Climate data for Penamacor (Fundão), 1991–2020 normals, extremes 1971-2020, altitude: 495 m (1,624 ft)
| Month | Jan | Feb | Mar | Apr | May | Jun | Jul | Aug | Sep | Oct | Nov | Dec | Year |
| Record high °C (°F) | 21.8 (71.2) | 24 (75) | 27.8 (82.0) | 30.0 (86.0) | 34.9 (94.8) | 41.5 (106.7) | 41.7 (107.1) | 42.3 (108.1) | 40.7 (105.3) | 35.1 (95.2) | 24.8 (76.6) | 20.4 (68.7) | 42.3 (108.1) |
| Mean daily maximum °C (°F) | 11.9 (53.4) | 13.5 (56.3) | 16.5 (61.7) | 18.7 (65.7) | 22.8 (73.0) | 28.1 (82.6) | 31.9 (89.4) | 31.8 (89.2) | 27.3 (81.1) | 21.0 (69.8) | 14.9 (58.8) | 12.3 (54.1) | 20.9 (69.6) |
| Daily mean °C (°F) | 7.3 (45.1) | 8.4 (47.1) | 11.2 (52.2) | 13.1 (55.6) | 16.6 (61.9) | 20.9 (69.6) | 23.9 (75.0) | 23.9 (75.0) | 20.3 (68.5) | 15.6 (60.1) | 10.5 (50.9) | 7.8 (46.0) | 15.0 (59.0) |
| Mean daily minimum °C (°F) | 2.7 (36.9) | 3.4 (38.1) | 5.7 (42.3) | 7.6 (45.7) | 10.3 (50.5) | 13.7 (56.7) | 16.0 (60.8) | 16.1 (61.0) | 13.4 (56.1) | 10.2 (50.4) | 6.1 (43.0) | 3.4 (38.1) | 9.0 (48.2) |
| Record low °C (°F) | −7.2 (19.0) | −8.1 (17.4) | −5.8 (21.6) | −1.0 (30.2) | 2.4 (36.3) | 5.4 (41.7) | 5.6 (42.1) | 7.7 (45.9) | 4.4 (39.9) | −0.4 (31.3) | −3.9 (25.0) | −6.0 (21.2) | −8.1 (17.4) |
| Average rainfall mm (inches) | 100.1 (3.94) | 71.8 (2.83) | 83.7 (3.30) | 76.6 (3.02) | 59.3 (2.33) | 17.9 (0.70) | 5.7 (0.22) | 8.3 (0.33) | 38.7 (1.52) | 122.1 (4.81) | 115.5 (4.55) | 121.8 (4.80) | 821.5 (32.35) |
| Average precipitation days (≥ 1 mm) | 9.6 | 6.8 | 7.6 | 8.0 | 7.0 | 2.3 | 1.2 | 1.1 | 3.6 | 8.9 | 9.1 | 9.3 | 74.6 |
Source: Instituto de Meteorologia

== Parishes ==
Administratively, the municipality is divided into 9 civil parishes (freguesias):
- Aldeia do Bispo, Águas e Aldeia de João Pires
- Aranhas
- Benquerença
- Meimão
- Meimoa
- Pedrógão de São Pedro e Bemposta
- Penamacor
- Salvador
- Vale da Senhora da Póvoa

== Notable people ==
- António Nunes Ribeiro Sanches (1699 in Penamacor – 1783 in Paris) a Jewish physician, philosopher and encyclopédiste.

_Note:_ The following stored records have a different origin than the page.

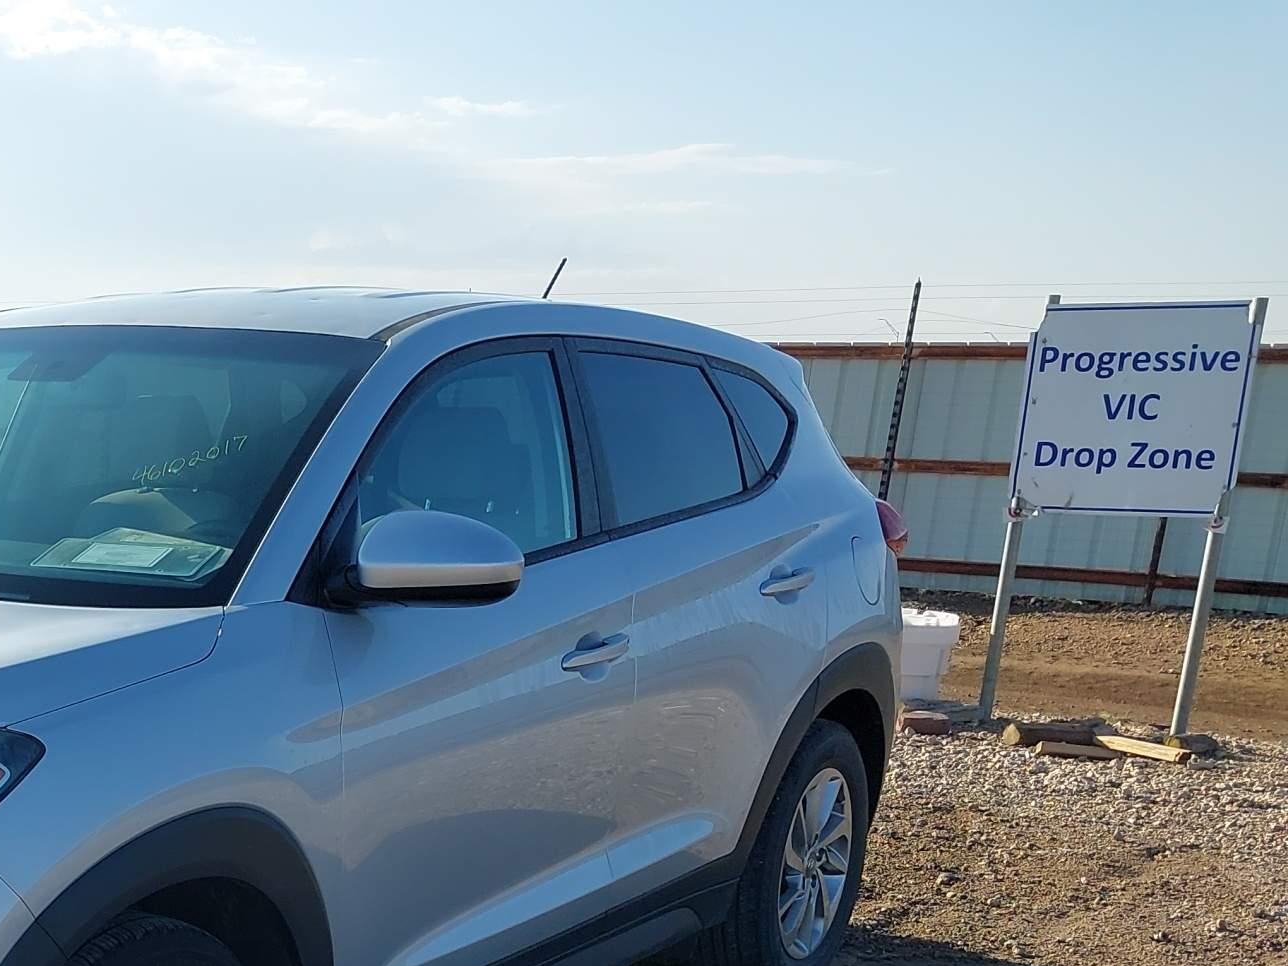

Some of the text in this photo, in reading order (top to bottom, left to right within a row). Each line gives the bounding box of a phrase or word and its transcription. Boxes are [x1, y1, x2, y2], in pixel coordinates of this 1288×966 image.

[1039, 343, 1241, 379] Progressive
[1103, 393, 1161, 421] VIC
[132, 434, 249, 486] 46102017
[1033, 441, 1216, 474] Drop Zone
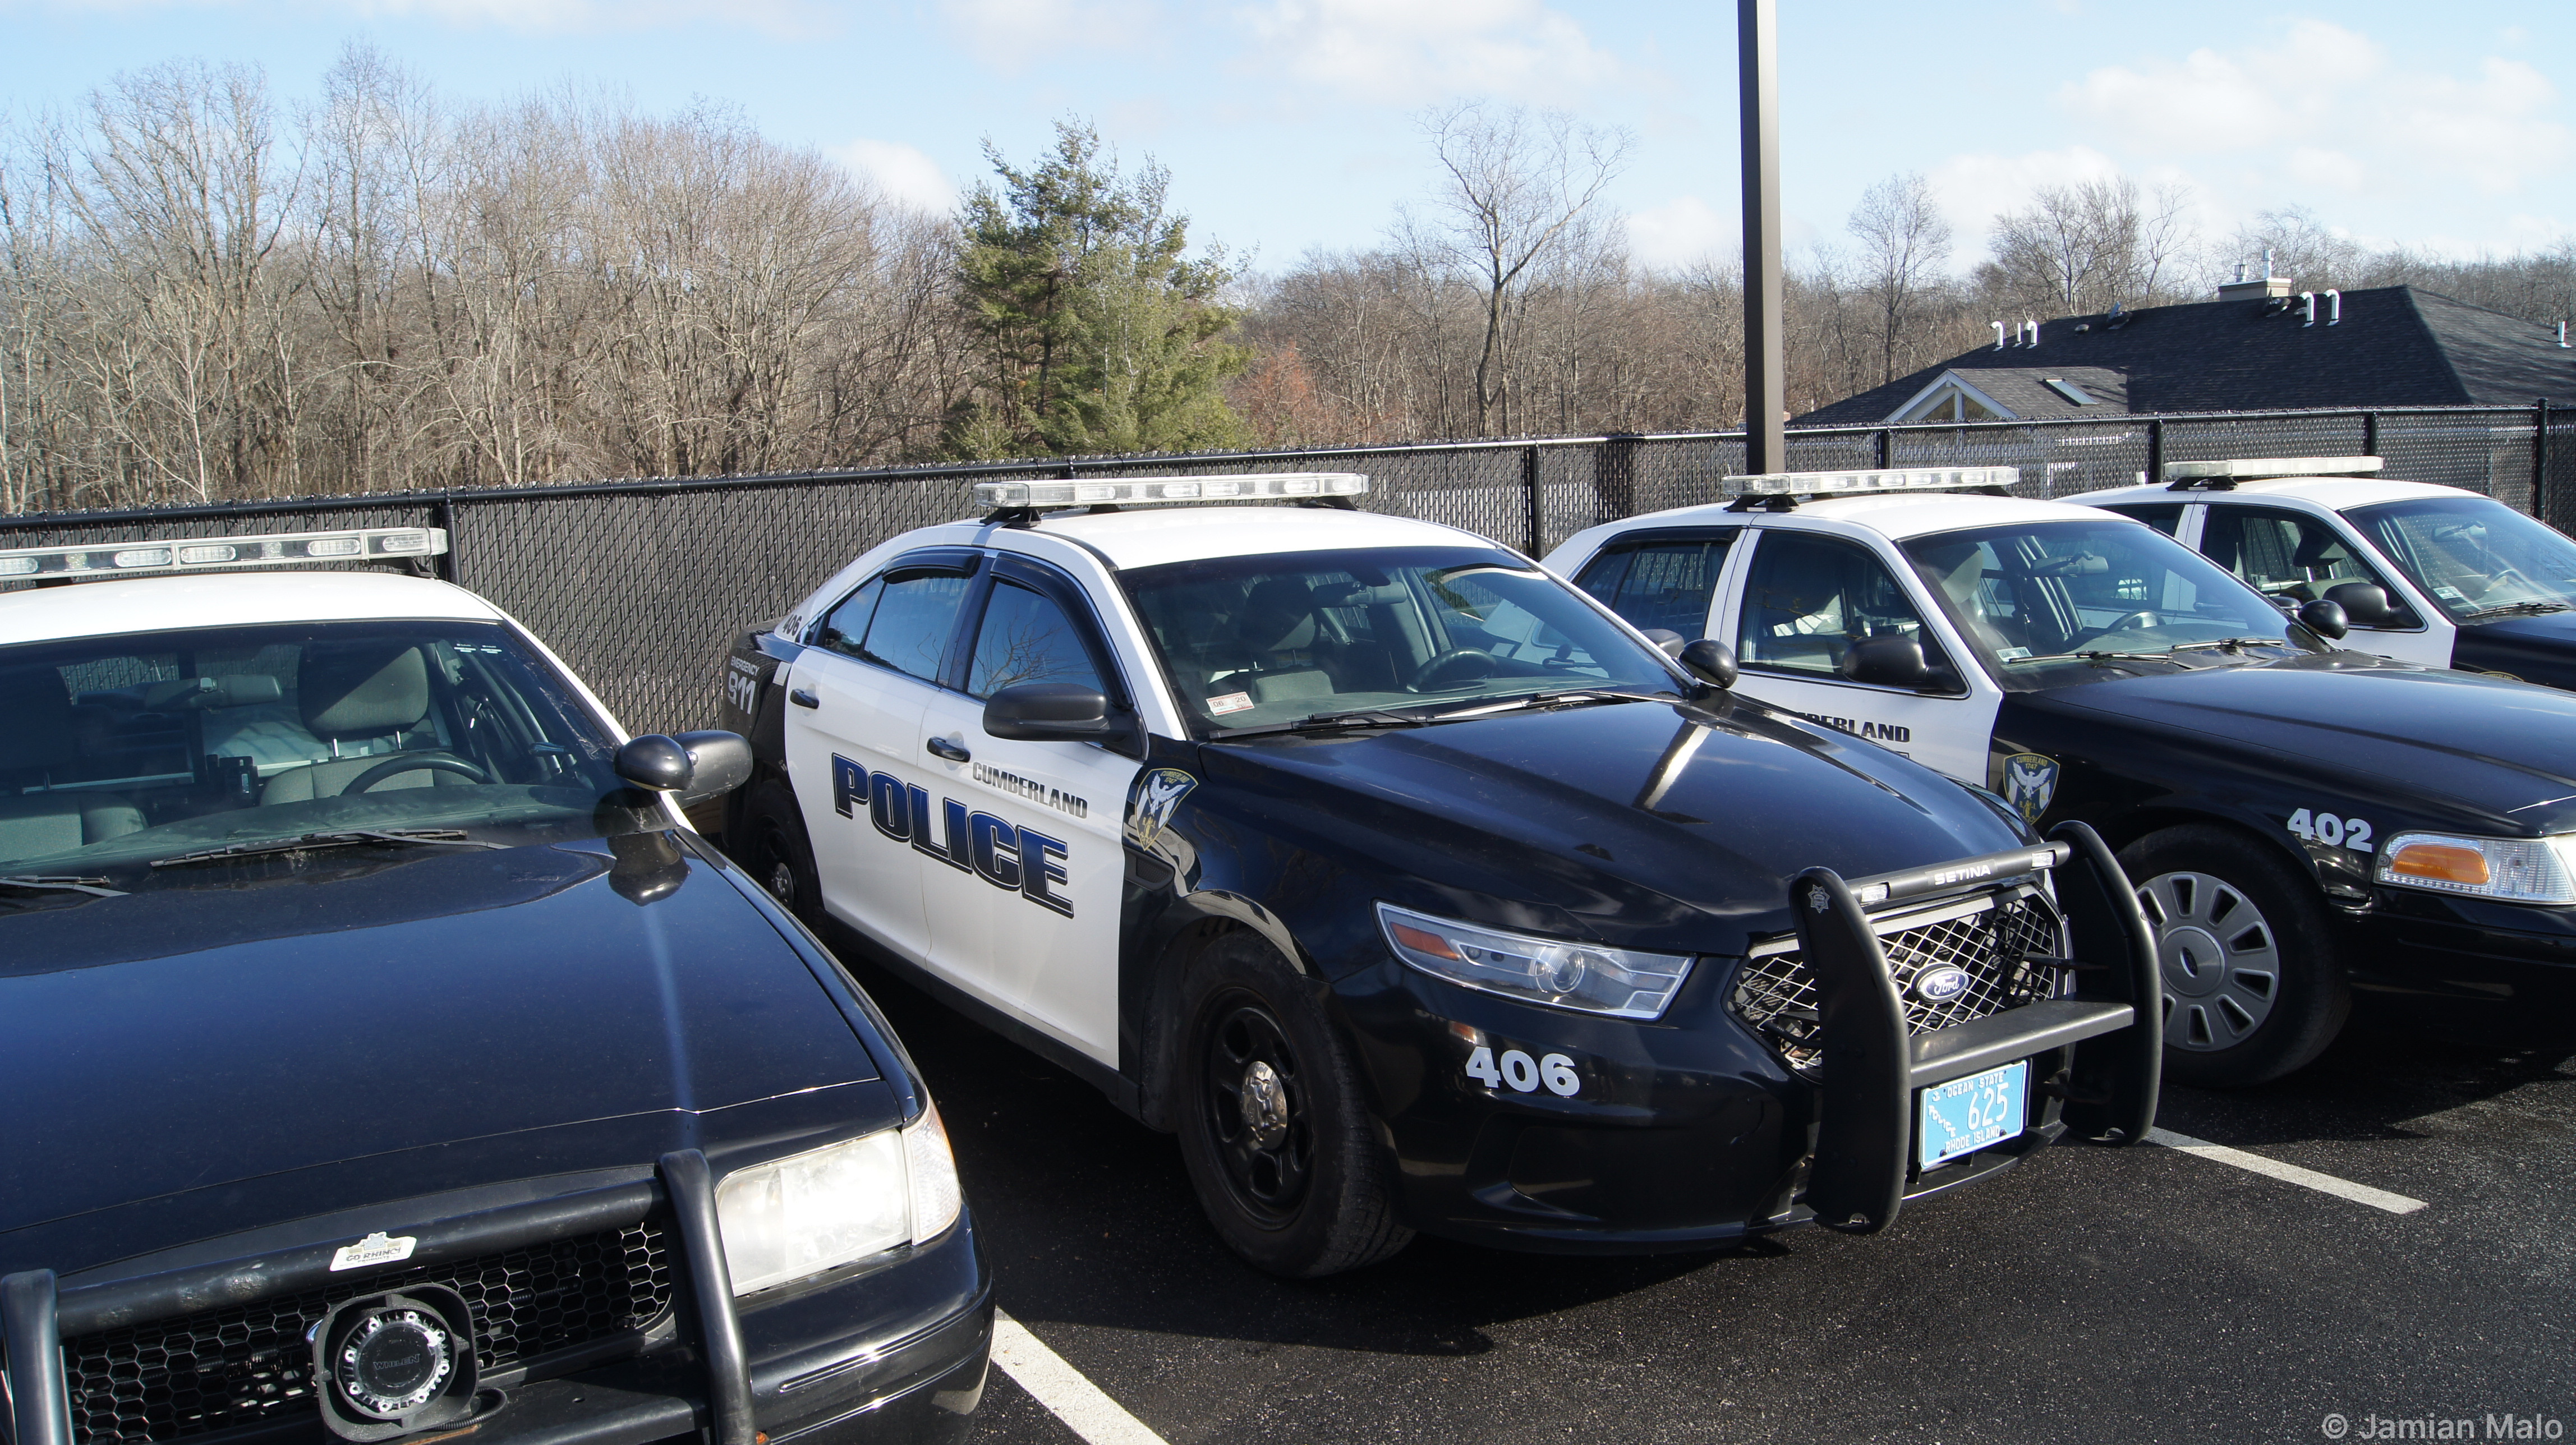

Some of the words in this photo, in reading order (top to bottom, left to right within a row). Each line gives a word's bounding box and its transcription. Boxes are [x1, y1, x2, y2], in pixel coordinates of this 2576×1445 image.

[783, 614, 802, 636] 406
[730, 656, 760, 676] EMERGENCY
[728, 671, 756, 715] 911
[2016, 756, 2048, 767] CUMBERLAND
[973, 762, 1088, 818] CUMBERLAND
[1160, 770, 1190, 783] CUMBERLAND
[831, 752, 1074, 918] POLICE
[2287, 808, 2373, 853] 402
[1934, 864, 1991, 886] SETINA
[1933, 974, 1959, 995] Ford
[1465, 1046, 1580, 1096] 406
[1947, 1080, 1974, 1098] OCEAN
[1979, 1072, 2004, 1088] STATE
[1967, 1082, 2009, 1130] 625
[1928, 1105, 1956, 1138] POLICE
[1945, 1135, 1970, 1153] RHODE
[1974, 1125, 2000, 1144] ISLAND
[373, 1354, 420, 1370] WHELEN

- Francisco Cunha Leal (1888 in Pedrógão – 1970) politician during the Portuguese First Republic; 84th Prime Minister of Portugal, 1921/1922.
- Joaquim Furtado (born 1948 in Penamacor) a journalist, reporter, TV anchor and documentary film director.
- António José Seguro (born 1962 in Penamacor) President of Portugal since 2026.